Text-to-region grounding data
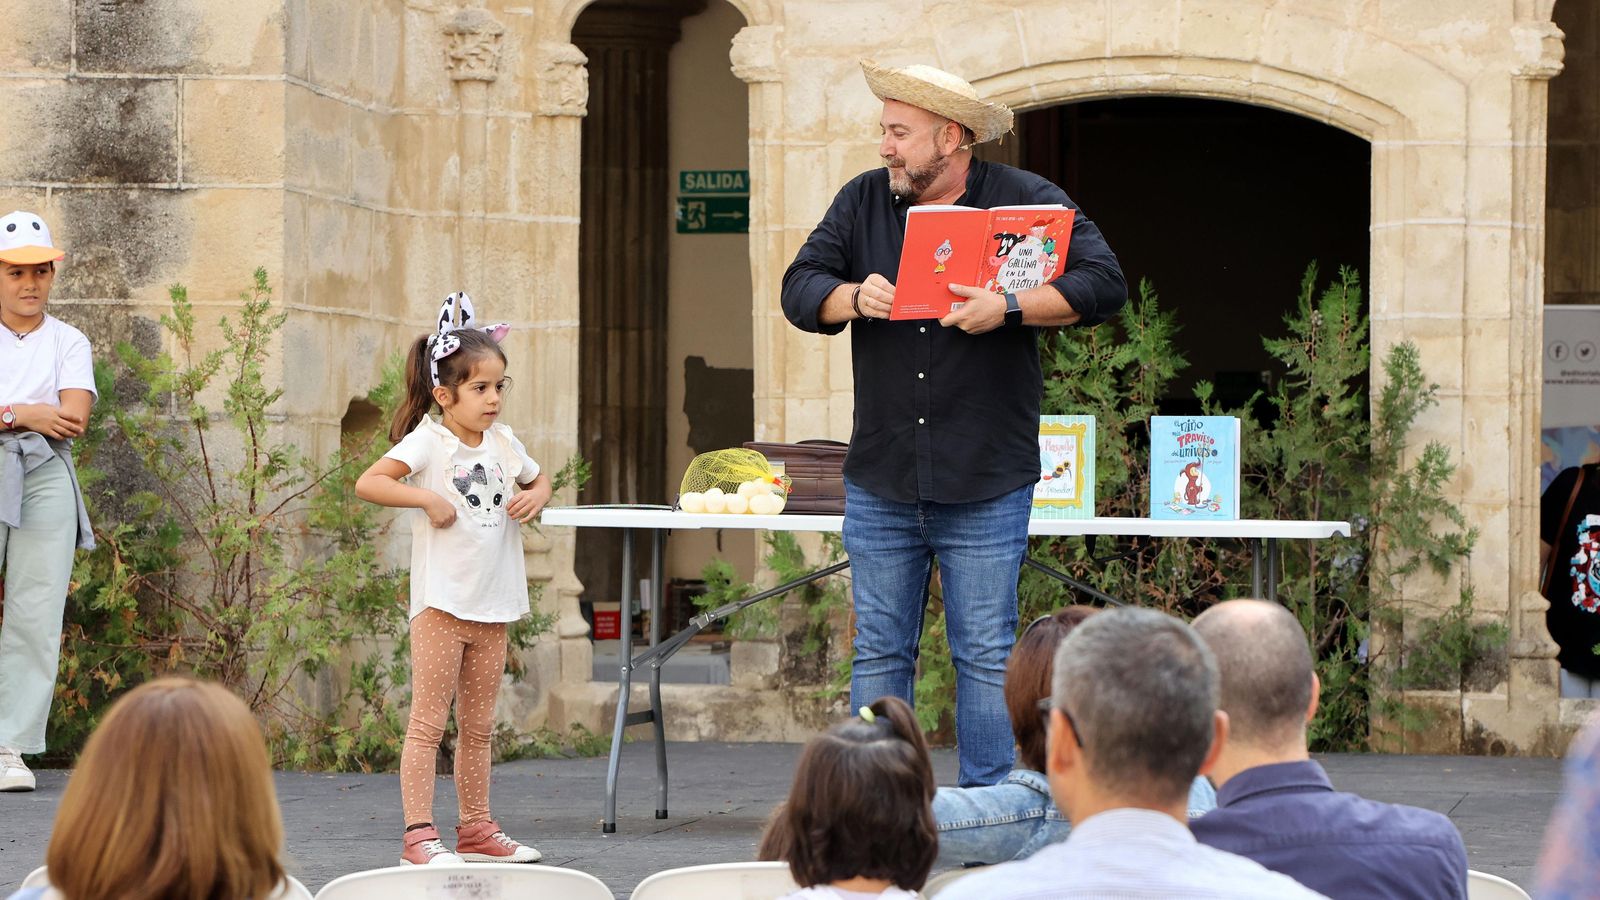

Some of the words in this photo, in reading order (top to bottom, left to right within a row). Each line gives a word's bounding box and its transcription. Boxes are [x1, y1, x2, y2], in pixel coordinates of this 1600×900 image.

[685, 173, 744, 189] SALIDA
[1008, 278, 1038, 289] AZOTEA
[1180, 419, 1204, 432] niño
[1177, 431, 1215, 449] TRAVIESO
[1179, 445, 1218, 458] universo

**Directions for this task:** Transcribe all records verbatim and omit each image.

**Your solution:**
Some of the words in this photo, in reading order (top to bottom, left to right within a row). Each line gives a word's bounding box and its transcription. Boxes are [x1, y1, x2, y2], in pixel coordinates of this 1600×900 image.

[685, 173, 744, 189] SALIDA
[1008, 278, 1038, 289] AZOTEA
[1180, 419, 1204, 432] niño
[1177, 431, 1215, 449] TRAVIESO
[1179, 445, 1218, 458] universo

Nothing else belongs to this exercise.